**WHAT YOU WILL DO**
Reproduce the records. Keep every word exact and include no images.

□ □ □

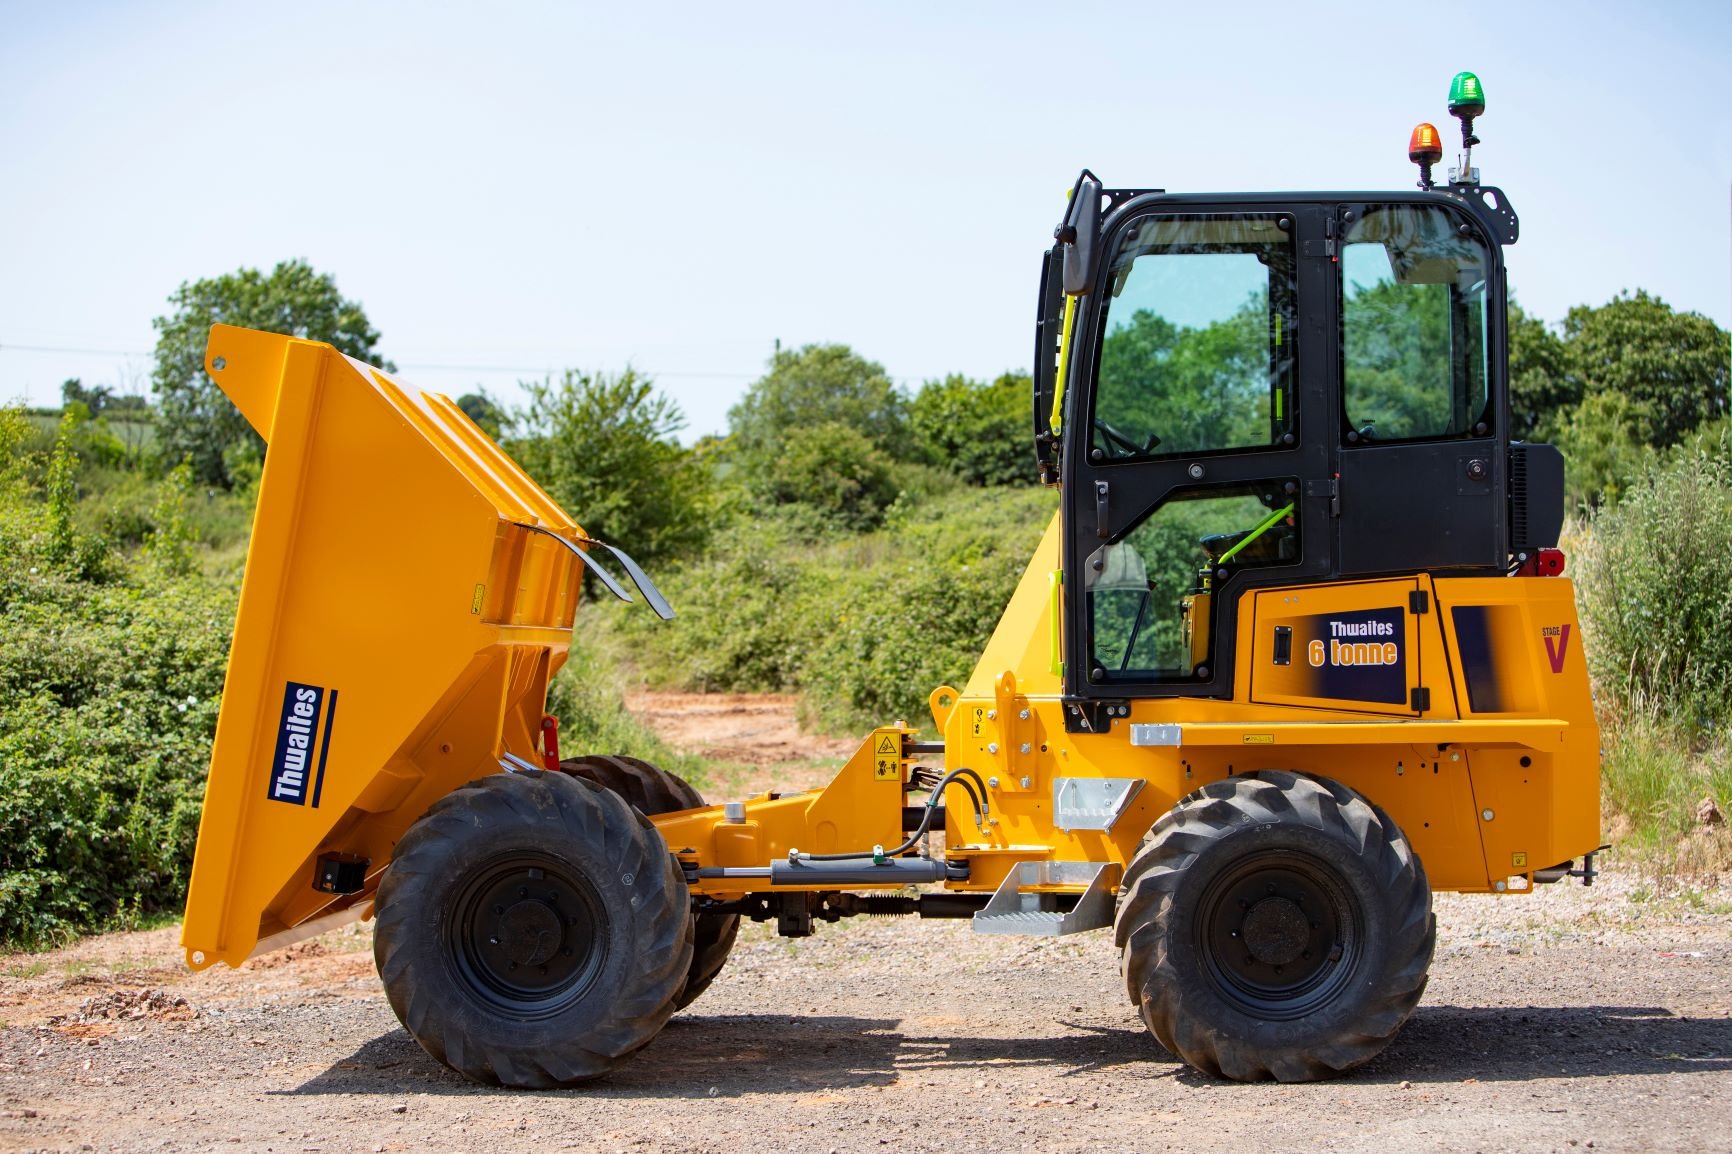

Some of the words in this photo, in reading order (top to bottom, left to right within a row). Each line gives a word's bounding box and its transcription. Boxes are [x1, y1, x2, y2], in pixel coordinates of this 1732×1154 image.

[1330, 621, 1393, 636] Thwaites
[1542, 626, 1560, 636] STAGE
[1309, 640, 1325, 667] 6
[1331, 639, 1397, 666] tonne
[1544, 624, 1571, 673] V
[274, 688, 317, 798] Thwaites

□ □ □

**EXERCISE OUTPUT**
Some of the words in this photo, in reading order (top to bottom, left to right within a row). Each line gives a word's bounding box and its transcription. Boxes are [x1, y1, x2, y2], in pixel coordinates of this 1732×1154 image.

[1330, 621, 1393, 636] Thwaites
[1542, 626, 1560, 636] STAGE
[1309, 640, 1325, 667] 6
[1331, 639, 1397, 666] tonne
[1544, 624, 1571, 673] V
[274, 688, 317, 798] Thwaites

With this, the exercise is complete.